2002 Denver Annual Meeting (October 27-30, 2002)

Paper No. 13
Presentation Time: 1:30 PM-5:30 PM


CLEMENTZ, Mark T.1, HOLDEN, Peter2 and KOCH, Paul L.1, (1)Earth Sciences, Univ of California, Santa Cruz, 1156 High Street, Santa Cruz, CA 95064, (2)Research School of Earth Sciences, Institute of Advanced Studies, The Australia National Univ, Canberra ACT 0200, Australia, clementz@es.ucsc.edu

Recent research has shown that calcium isotopes are fractionated by metabolic processes, leading to a decrease in 44Ca/40Ca ratio with increasing trophic level. If so, calcium isotopes could provide information on trophic relationships within food webs millions of years older than what we have been able to study thus far with alternative methods (i.e., nitrogen isotopes (d15N), Sr/Ca).

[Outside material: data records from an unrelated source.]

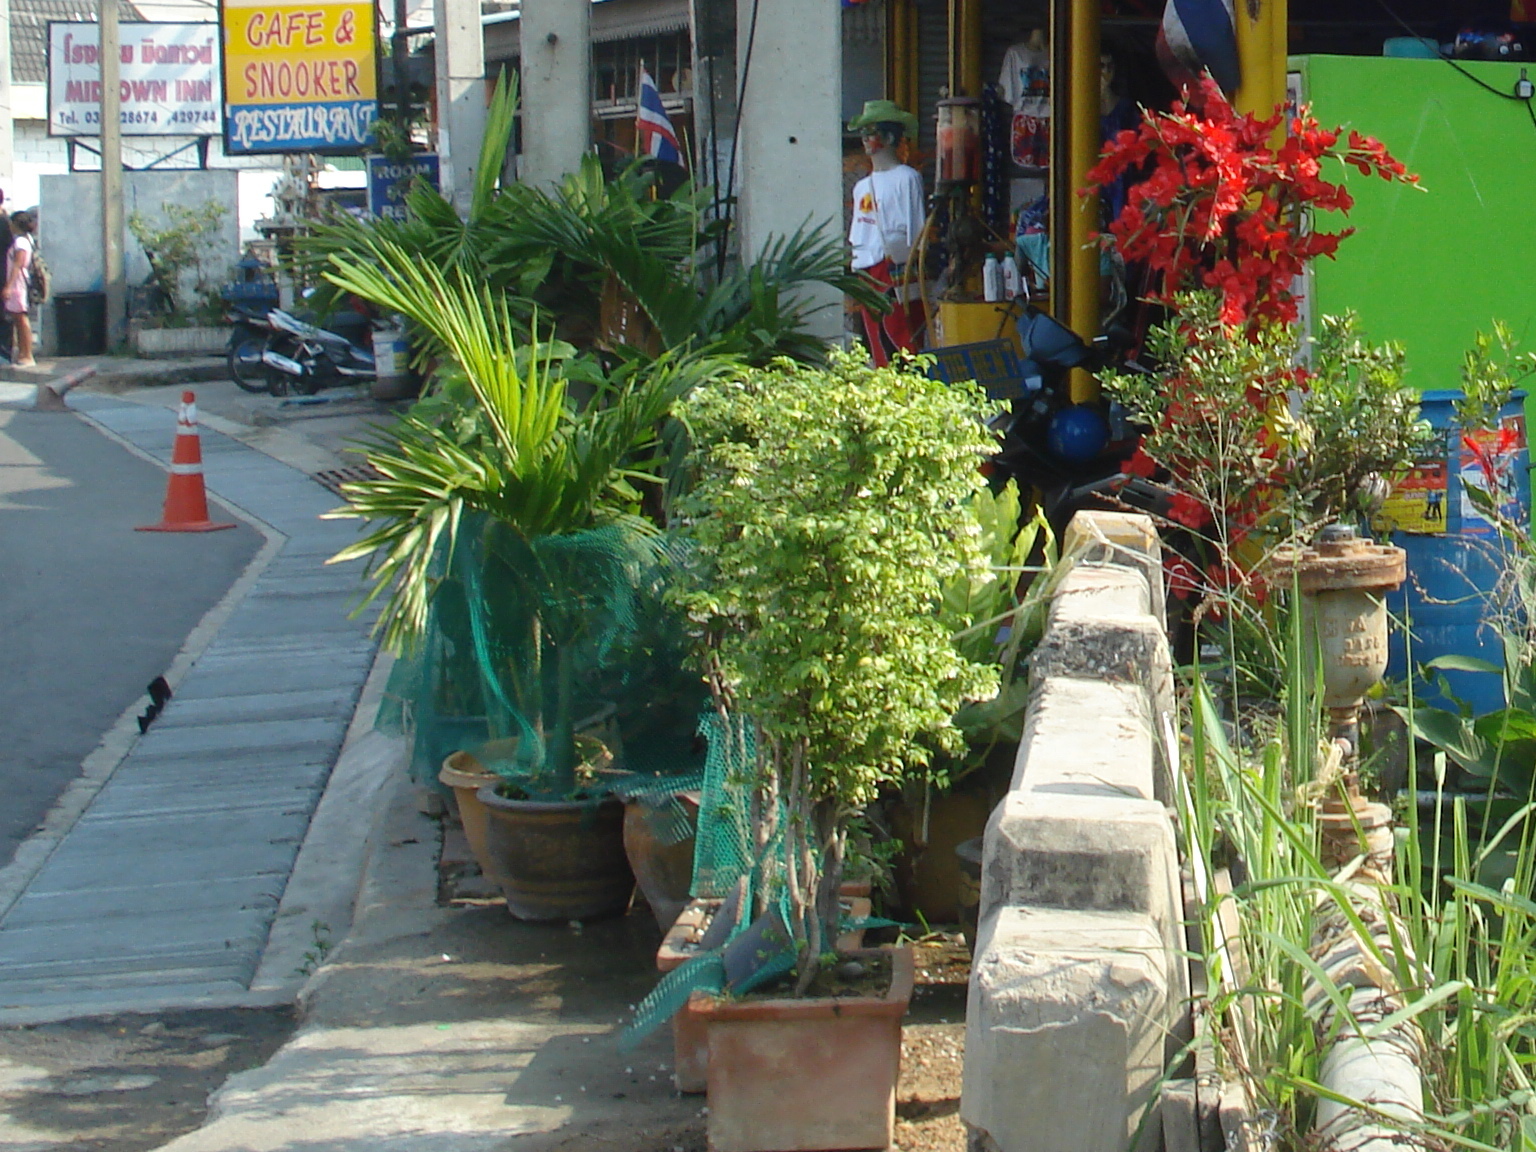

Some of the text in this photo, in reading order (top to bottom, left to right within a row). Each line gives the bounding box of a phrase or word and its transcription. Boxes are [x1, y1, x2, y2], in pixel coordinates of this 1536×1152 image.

[246, 9, 354, 48] CAFE &
[175, 78, 212, 102] INN
[244, 59, 361, 98] SNOOKER
[232, 102, 376, 149] RESTAURANT
[375, 163, 431, 179] ROOM
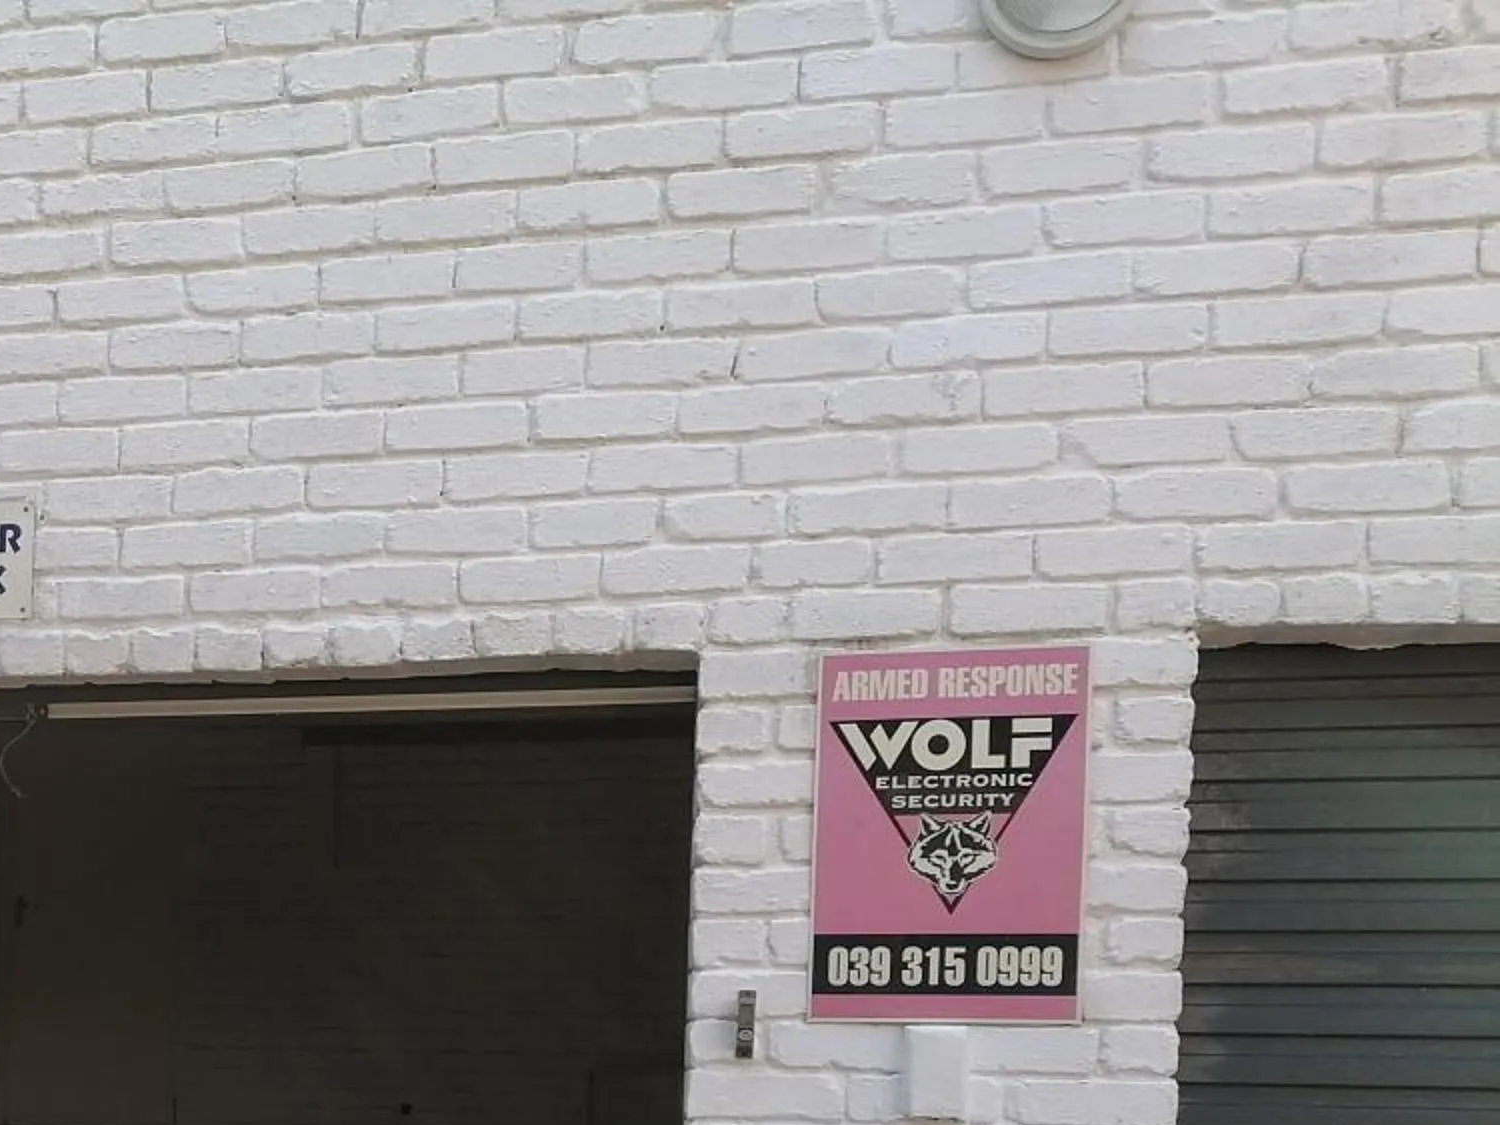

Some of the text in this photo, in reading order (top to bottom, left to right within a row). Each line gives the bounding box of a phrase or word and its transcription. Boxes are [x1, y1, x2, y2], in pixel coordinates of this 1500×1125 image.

[832, 663, 1079, 702] ARMED RESPONSE
[838, 717, 1053, 771] WOLF
[875, 773, 1034, 790] ELECTRONIC
[891, 793, 1015, 809] SECURITY
[827, 945, 1063, 987] 039 315 0999

To explore whether d44Ca values provided marine trophic level information, we measured the d44Ca composition of tooth enamel and bone from modern marine mammals representing a 2.5 order range in tropic level. Marine mammal enamel d44Ca values clustered into two groups - mammals foraging on vegetation or invertebrates exhibited higher d44Ca values than those foraging on fish or other marine mammals. We next examined whether this correlation was preserved in the fossil record by examining a 15 Ma marine fauna from southern California and observed that the relationship between d44Ca values of specimens followed the same pattern as observed in modern faunas, but the mean d44Ca values were significantly different from modern d44Ca values for mammals of similar trophic level. We conclude that the relative spacing of d44Ca values amongst fossil taxa can serve as a valuable tool for defining trophic level of extinct organisms and can provide critical information on relationships within ancient foodwebs.